THE DATA.
*** Begin section ***
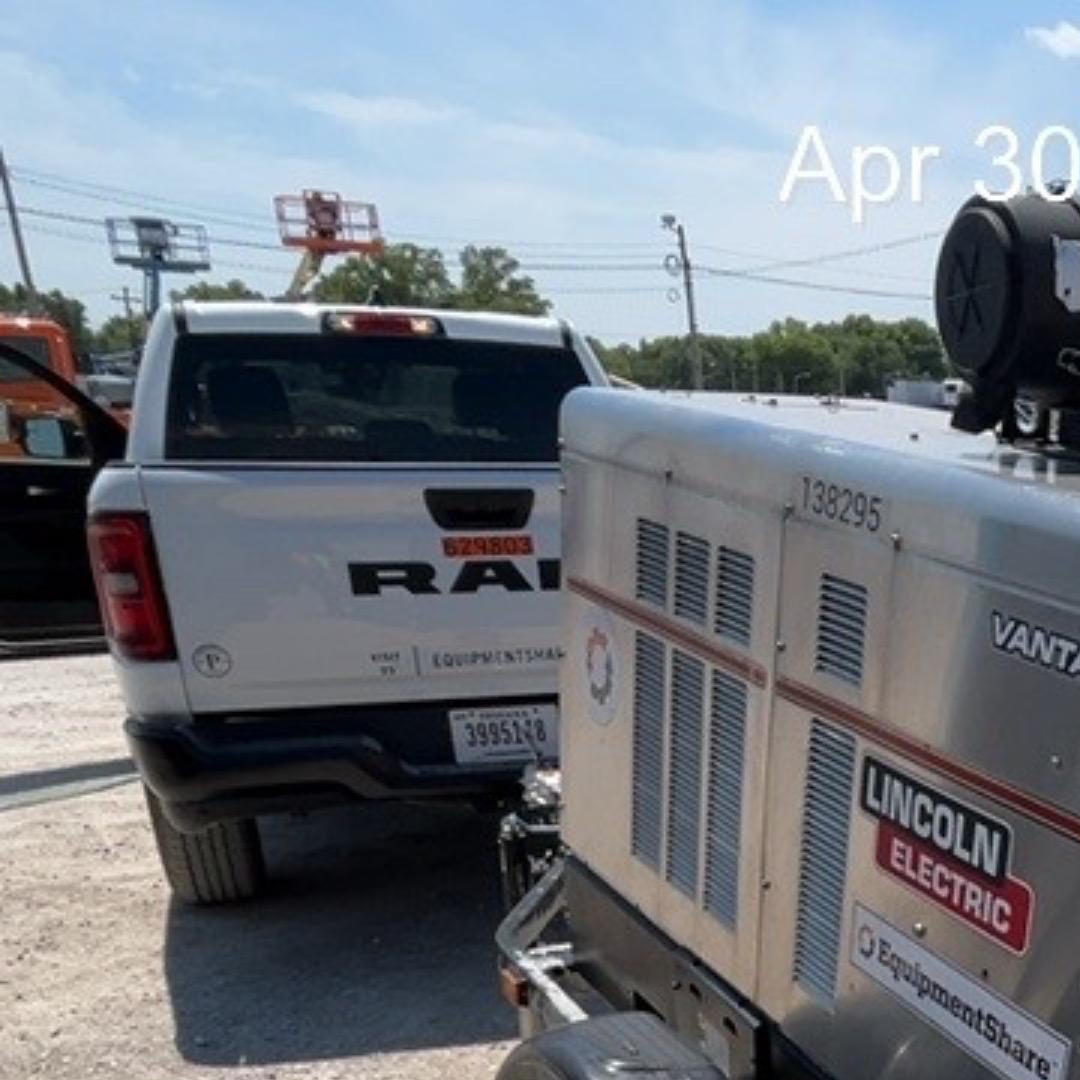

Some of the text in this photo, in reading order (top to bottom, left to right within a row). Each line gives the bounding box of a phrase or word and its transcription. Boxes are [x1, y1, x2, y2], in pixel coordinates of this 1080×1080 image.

[801, 476, 883, 532] 138295
[865, 764, 1001, 877] LINCOLN
[889, 835, 1013, 935] ELECTRIC
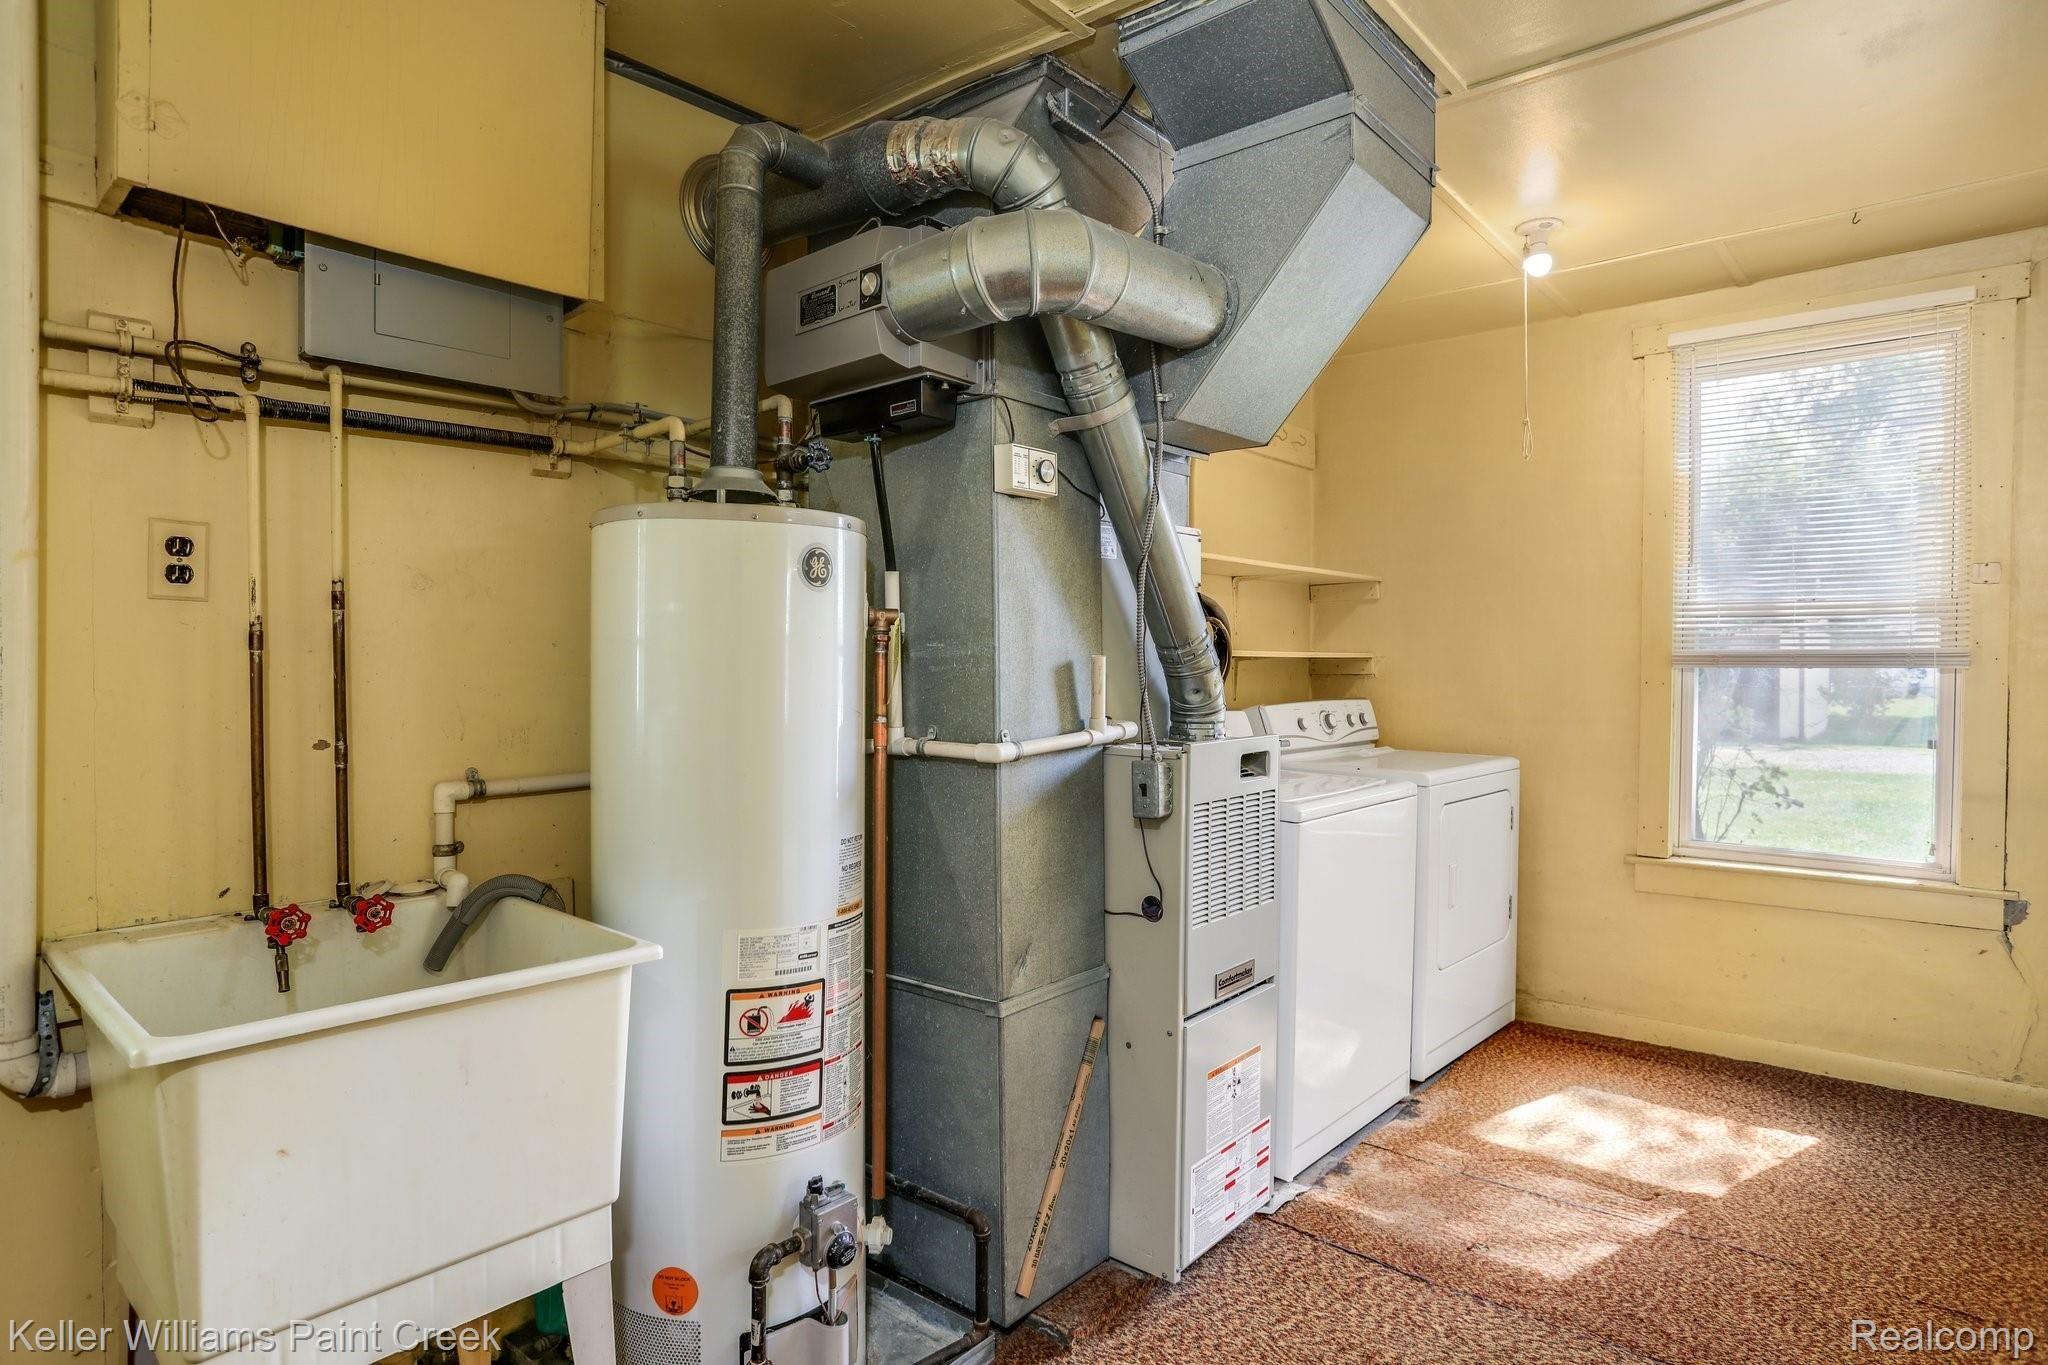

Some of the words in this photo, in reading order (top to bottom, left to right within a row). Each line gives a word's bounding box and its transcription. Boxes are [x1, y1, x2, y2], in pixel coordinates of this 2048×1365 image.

[810, 557, 826, 578] GE
[768, 989, 801, 997] WARNING
[765, 1071, 793, 1079] DANGER
[764, 1123, 794, 1132] WARNING
[1060, 1130, 1075, 1168] 20x20x1
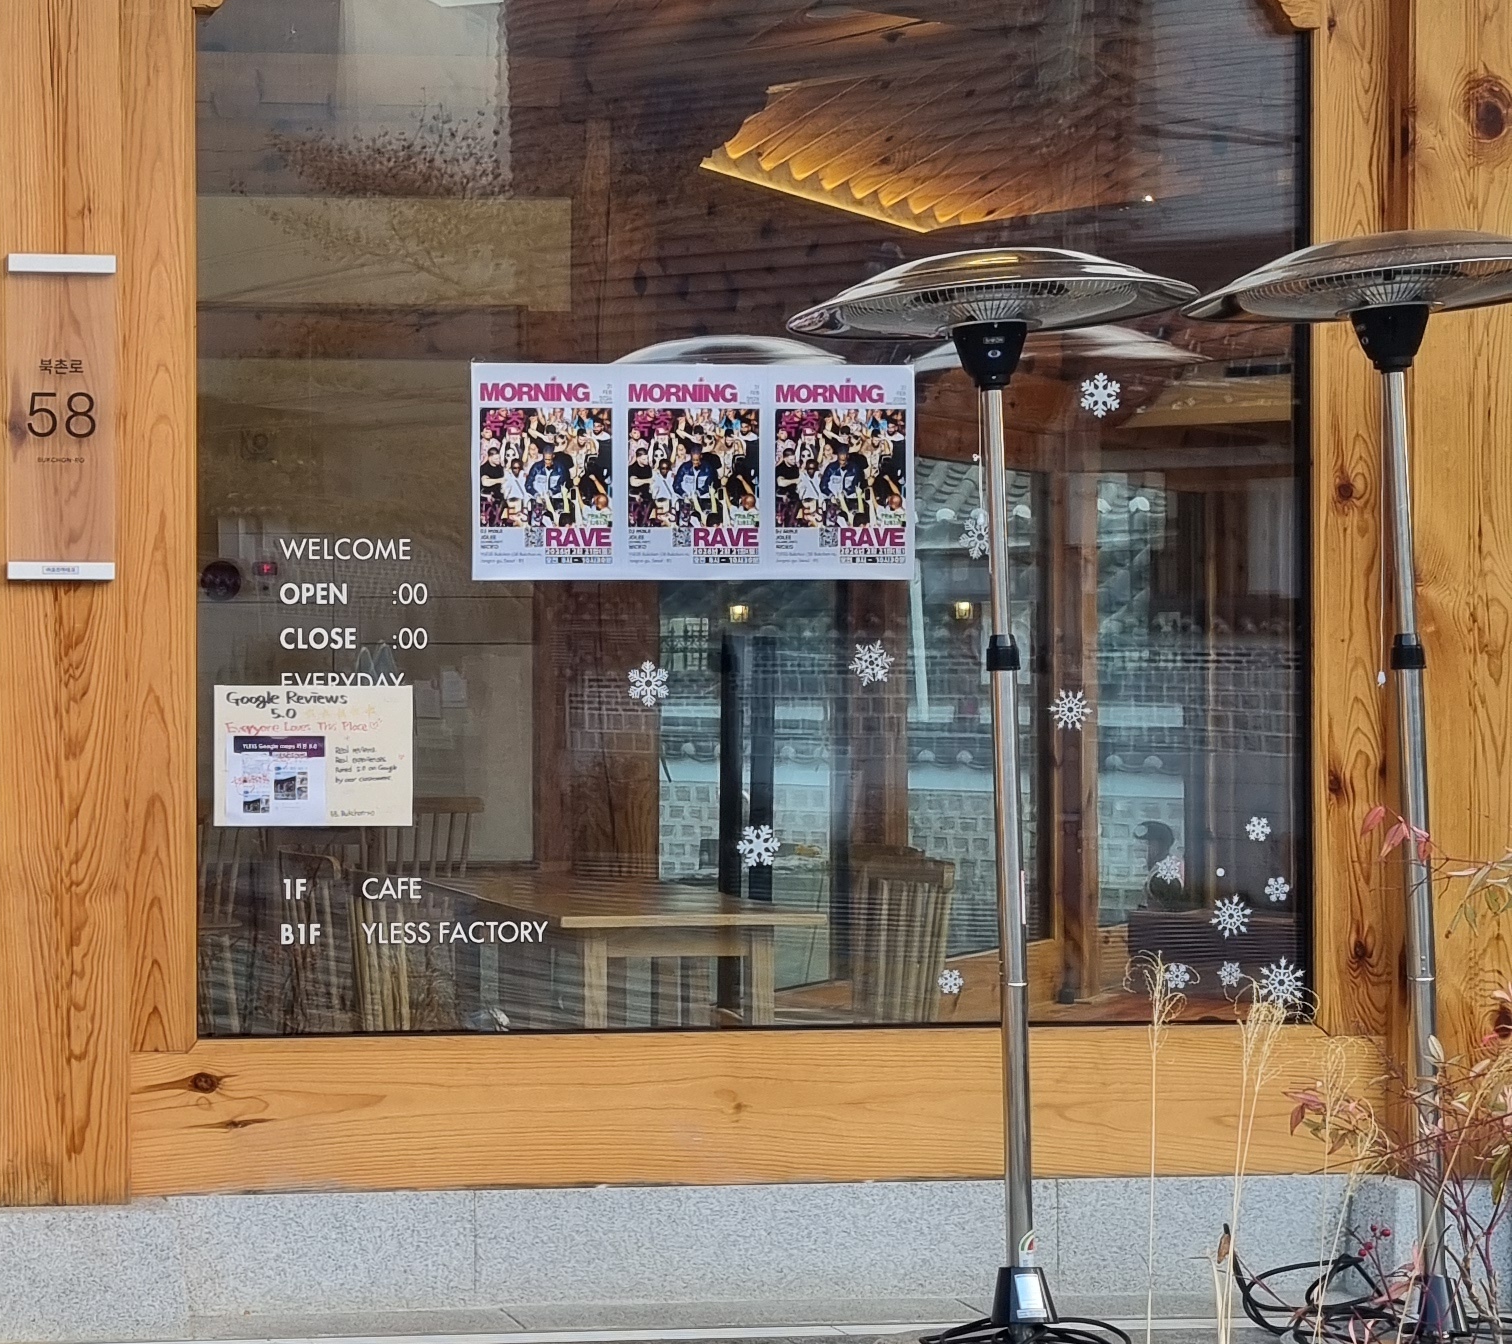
*** End section ***
TASK BRIEF. Output, exactly and only, the lines beginning with the one that contains "Some of the words" and ending at the last line of the records above. Drop the pictures.

ANSWER TO THE EXERCISE.
Some of the words in this photo, in reading order (top to bottom, left to right within a row). Each line gives a word's bounding box and its transcription. Boxes are [x1, y1, x2, y2], in pixel coordinates of this 2048×1365 image.

[810, 557, 826, 578] GE
[768, 989, 801, 997] WARNING
[765, 1071, 793, 1079] DANGER
[764, 1123, 794, 1132] WARNING
[1060, 1130, 1075, 1168] 20x20x1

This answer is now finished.